• _WORK REQUEST_
Every entry that follows is to be set down exactly, with its pictures omitted.
----- RECORDS SHOWN -----
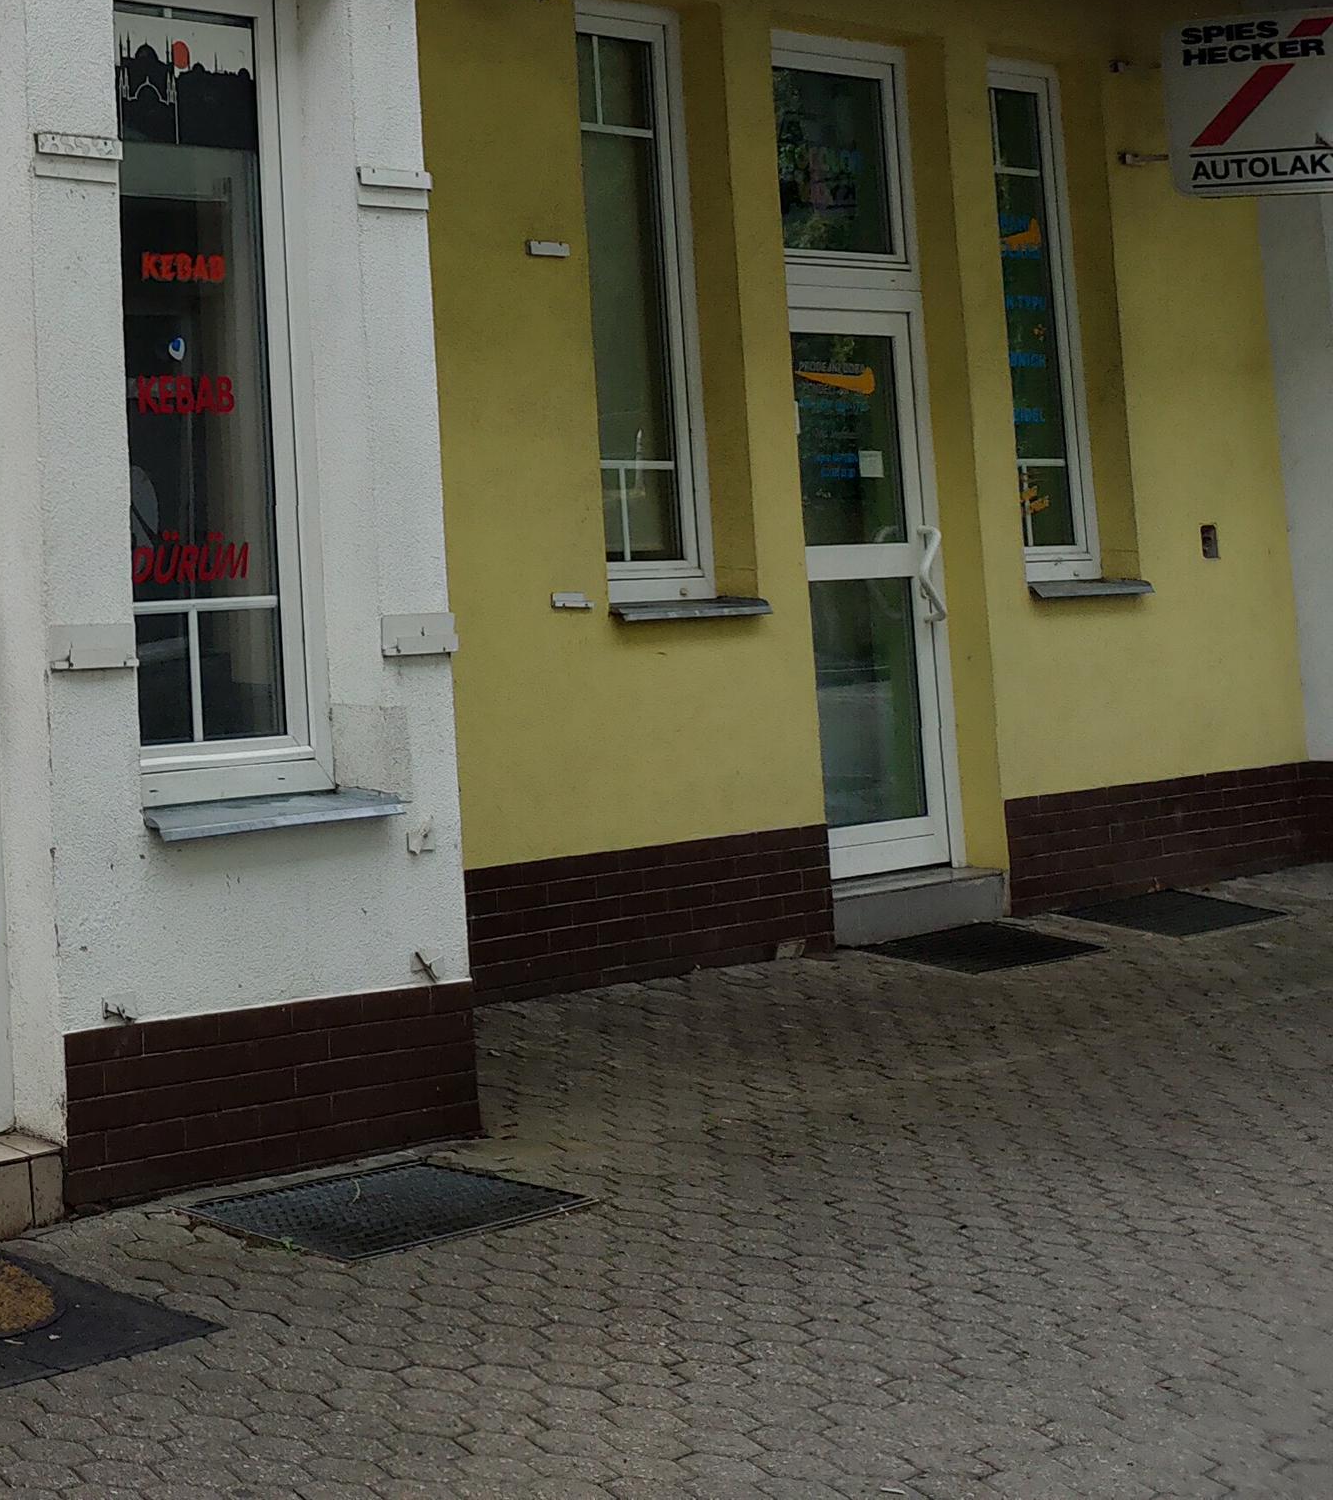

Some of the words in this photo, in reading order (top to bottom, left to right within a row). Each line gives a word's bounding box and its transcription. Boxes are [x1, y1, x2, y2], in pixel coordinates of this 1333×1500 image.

[1181, 20, 1280, 45] SPIES
[1182, 38, 1326, 67] HECKER
[1191, 153, 1333, 181] AUTOLAK
[141, 251, 226, 282] KEBAB
[137, 374, 236, 416] KEBAB
[131, 531, 250, 584] DÜRÜM
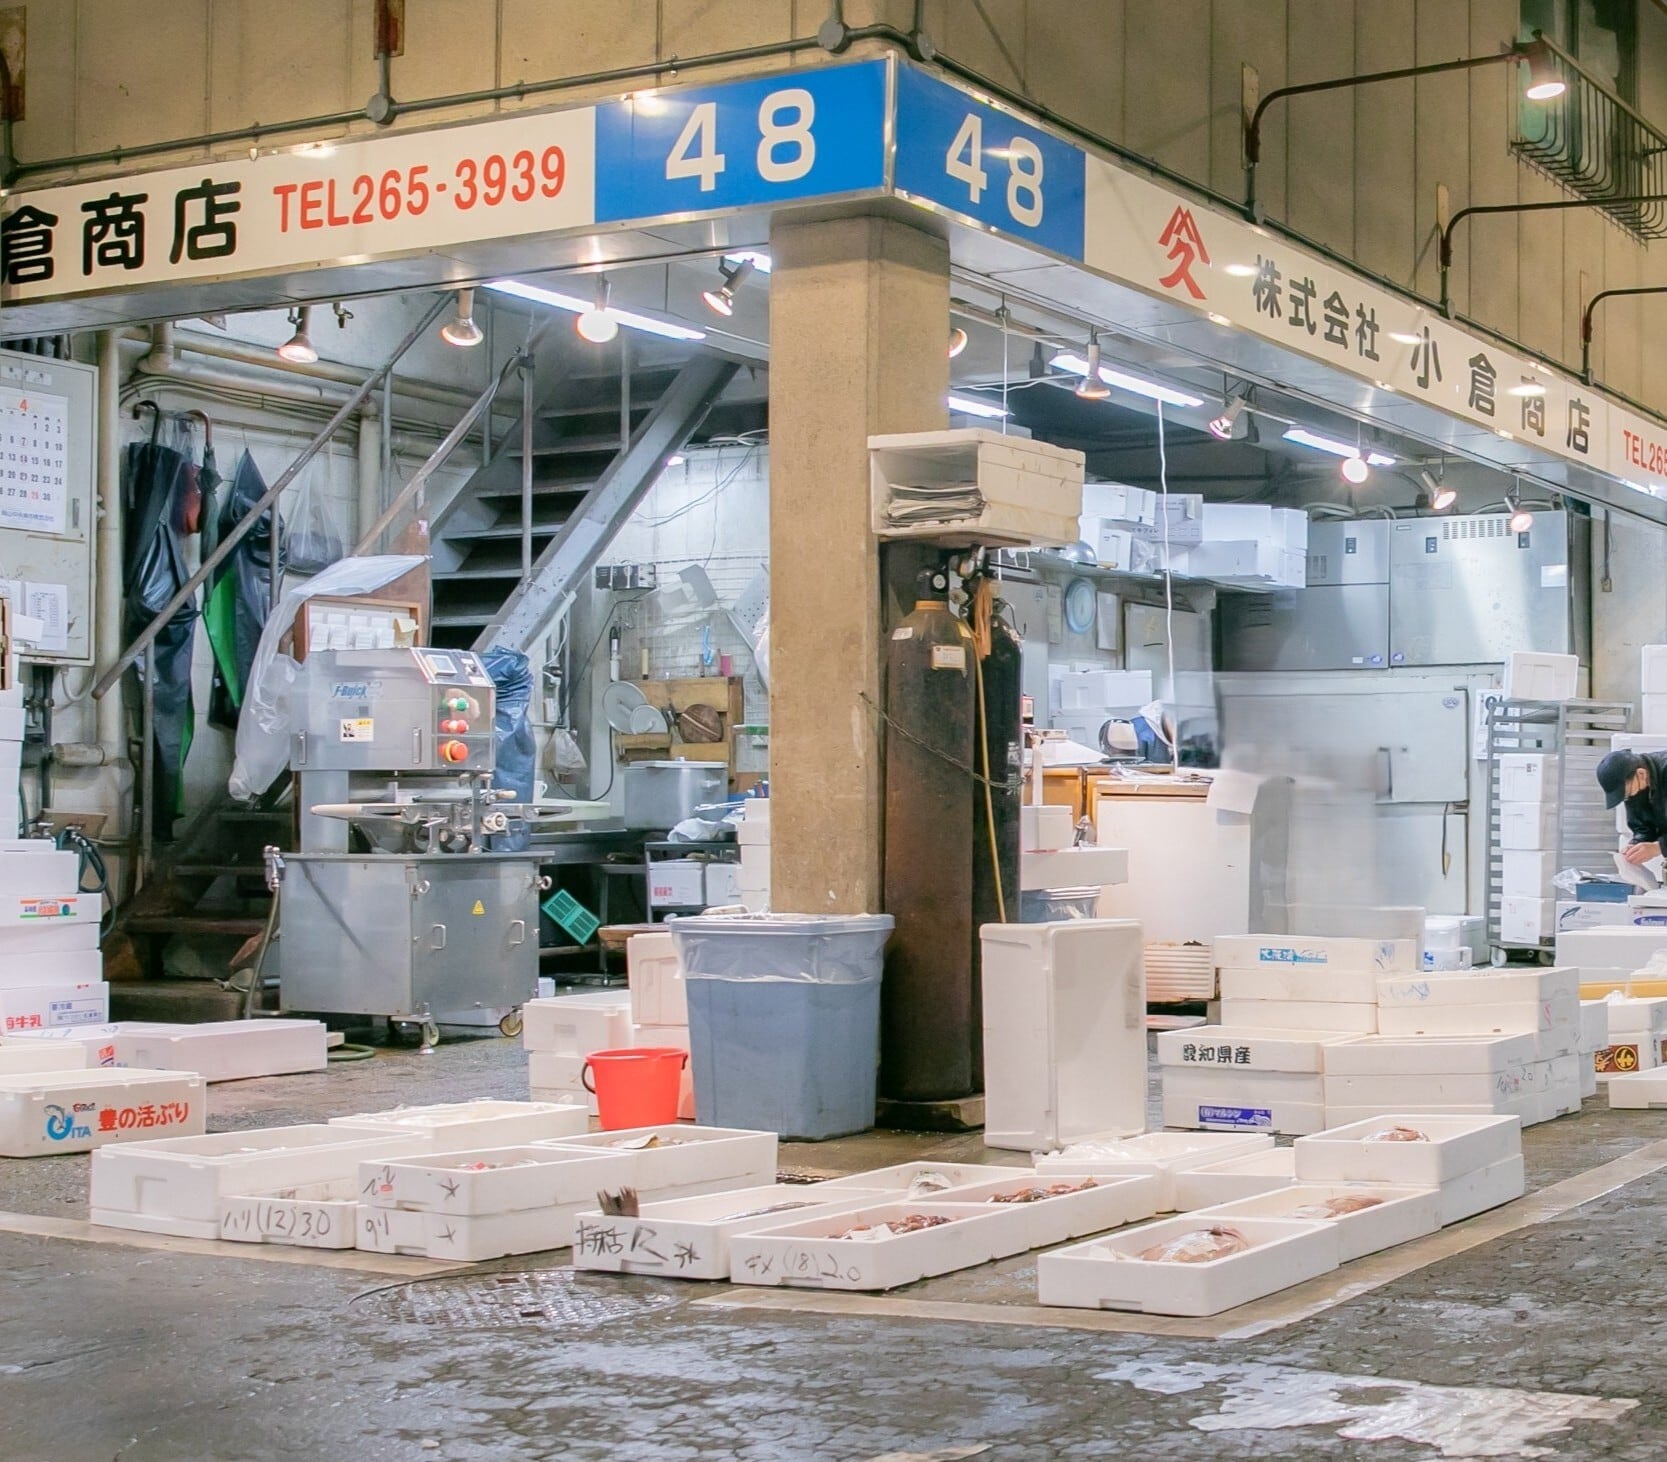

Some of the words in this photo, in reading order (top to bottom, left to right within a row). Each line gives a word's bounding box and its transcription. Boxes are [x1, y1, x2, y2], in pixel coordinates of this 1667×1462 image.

[666, 88, 816, 192] 48
[945, 112, 1044, 229] 48
[1, 177, 243, 285] 倉商店
[273, 145, 566, 233] TEL265-3939
[19, 398, 28, 412] 4
[1252, 253, 1381, 363] 株式会社
[1410, 325, 1591, 455] 小倉商店
[97, 1102, 189, 1132] 豊の活ぶり
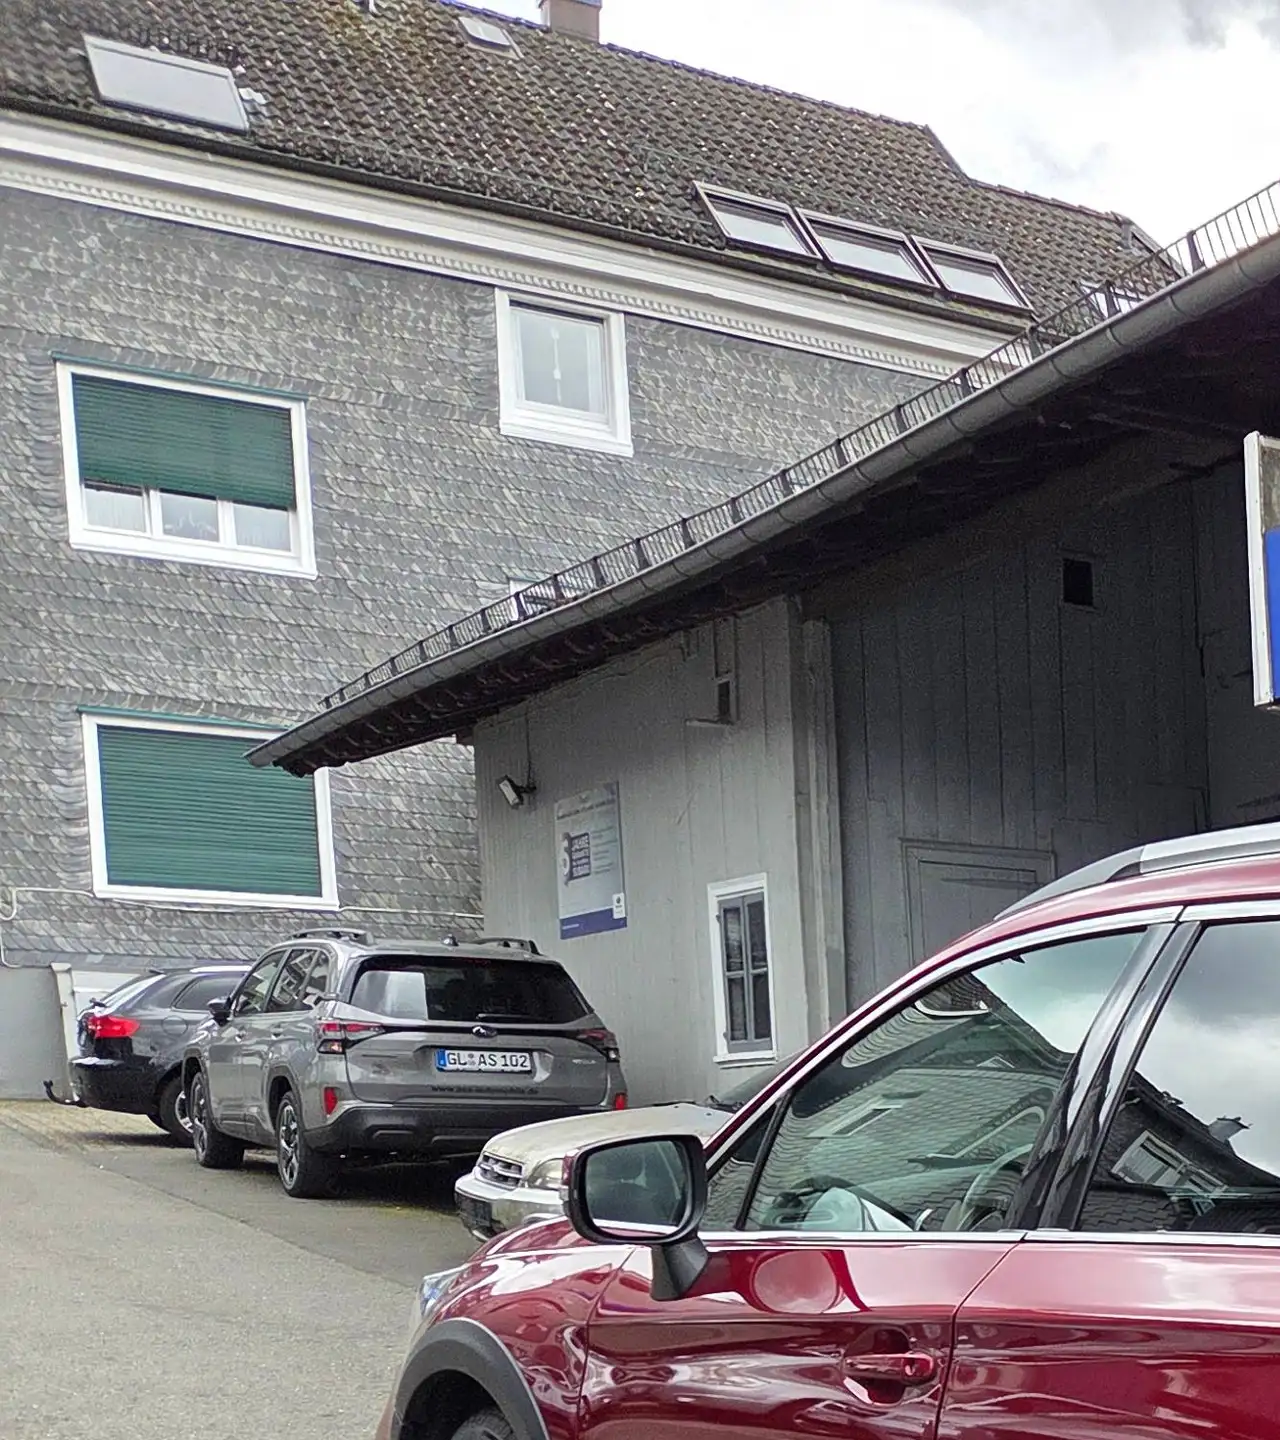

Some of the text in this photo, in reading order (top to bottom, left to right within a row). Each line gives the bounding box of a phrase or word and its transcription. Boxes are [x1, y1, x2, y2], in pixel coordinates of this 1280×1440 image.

[447, 1052, 529, 1068] GL AS 102
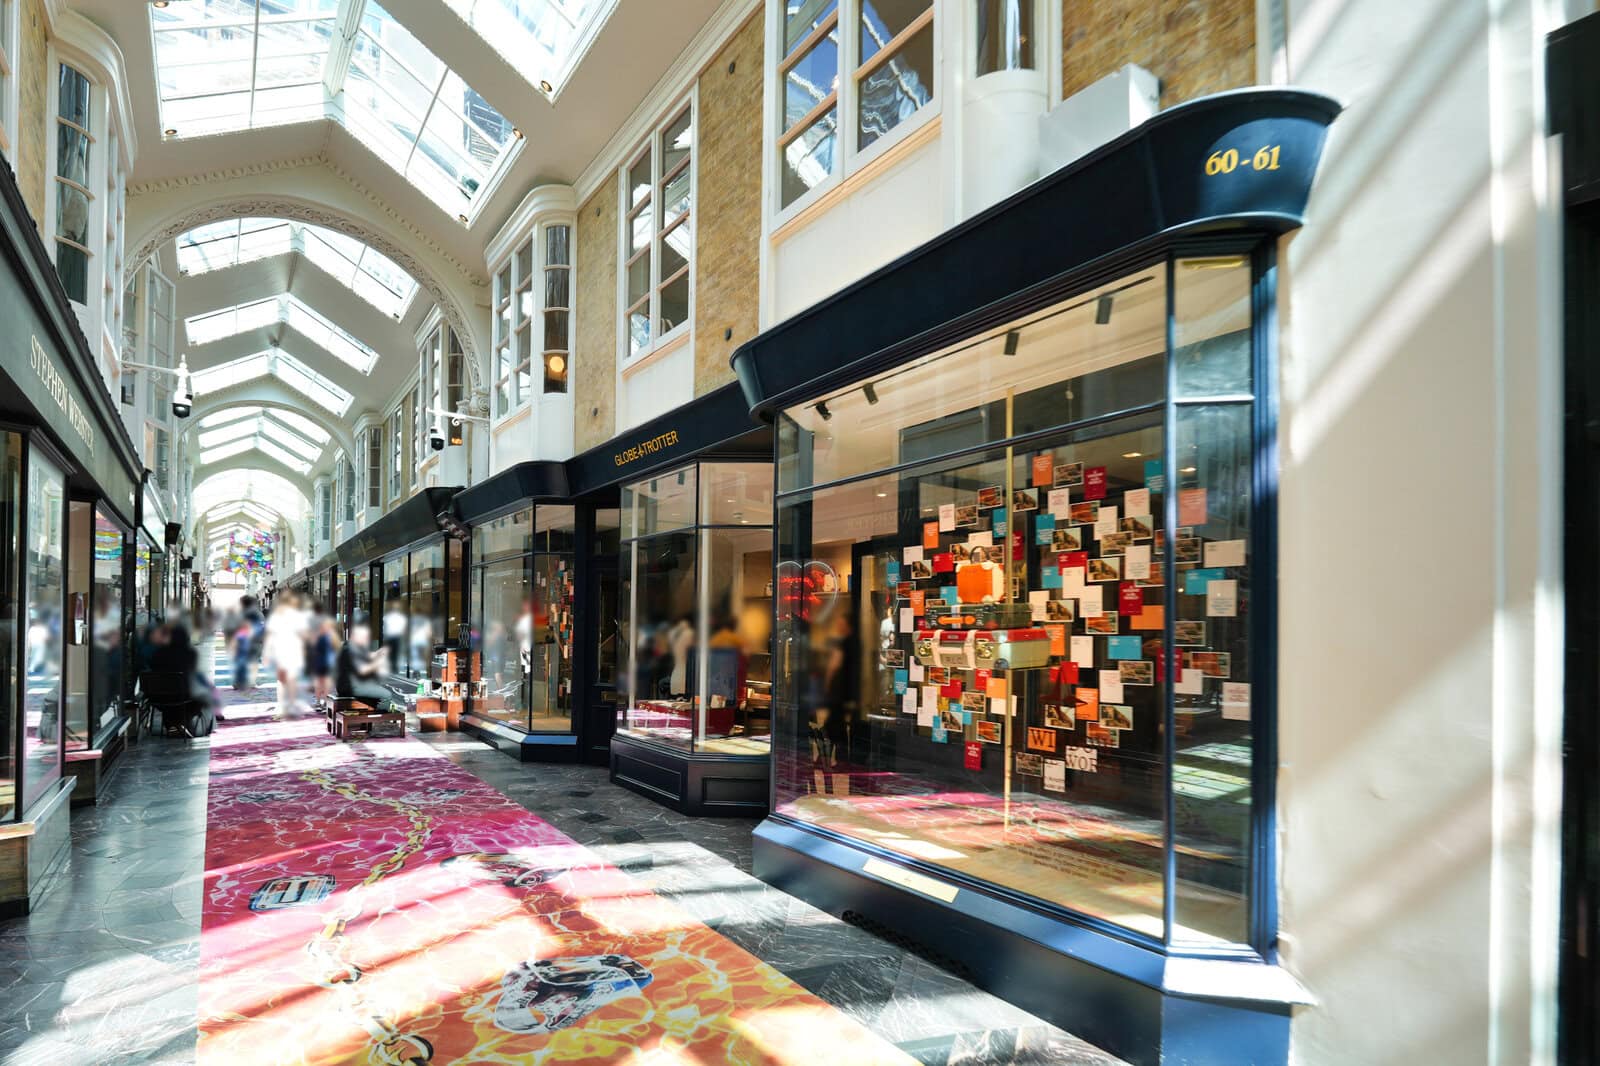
-----
• _RESULT OF THIS TASK_
Some of the words in this photo, in reading order (top to bottom, left to right within a row). Each line gives a word's bounding box and its transcription. Boxes are [x1, y1, x2, y2], in pixel coordinates of this 1333×1500 image.

[1181, 20, 1280, 45] SPIES
[1182, 38, 1326, 67] HECKER
[1191, 153, 1333, 181] AUTOLAK
[141, 251, 226, 282] KEBAB
[137, 374, 236, 416] KEBAB
[131, 531, 250, 584] DÜRÜM

Some of the words in this photo, in reading order (top to bottom, left to right within a row). Each line gives a word's bounding box and its transcription. Boxes are [x1, y1, x2, y2], in pixel coordinates of this 1667×1462 image.

[666, 88, 816, 192] 48
[945, 112, 1044, 229] 48
[1, 177, 243, 285] 倉商店
[273, 145, 566, 233] TEL265-3939
[19, 398, 28, 412] 4
[1252, 253, 1381, 363] 株式会社
[1410, 325, 1591, 455] 小倉商店
[97, 1102, 189, 1132] 豊の活ぶり

Some of the text in this photo, in reading order (top to bottom, left to right within a row). Each line gives the bounding box of a phrase or word and its transcription. Boxes are [x1, y1, x2, y2], in pixel coordinates of this 1280×1440 image.

[447, 1052, 529, 1068] GL AS 102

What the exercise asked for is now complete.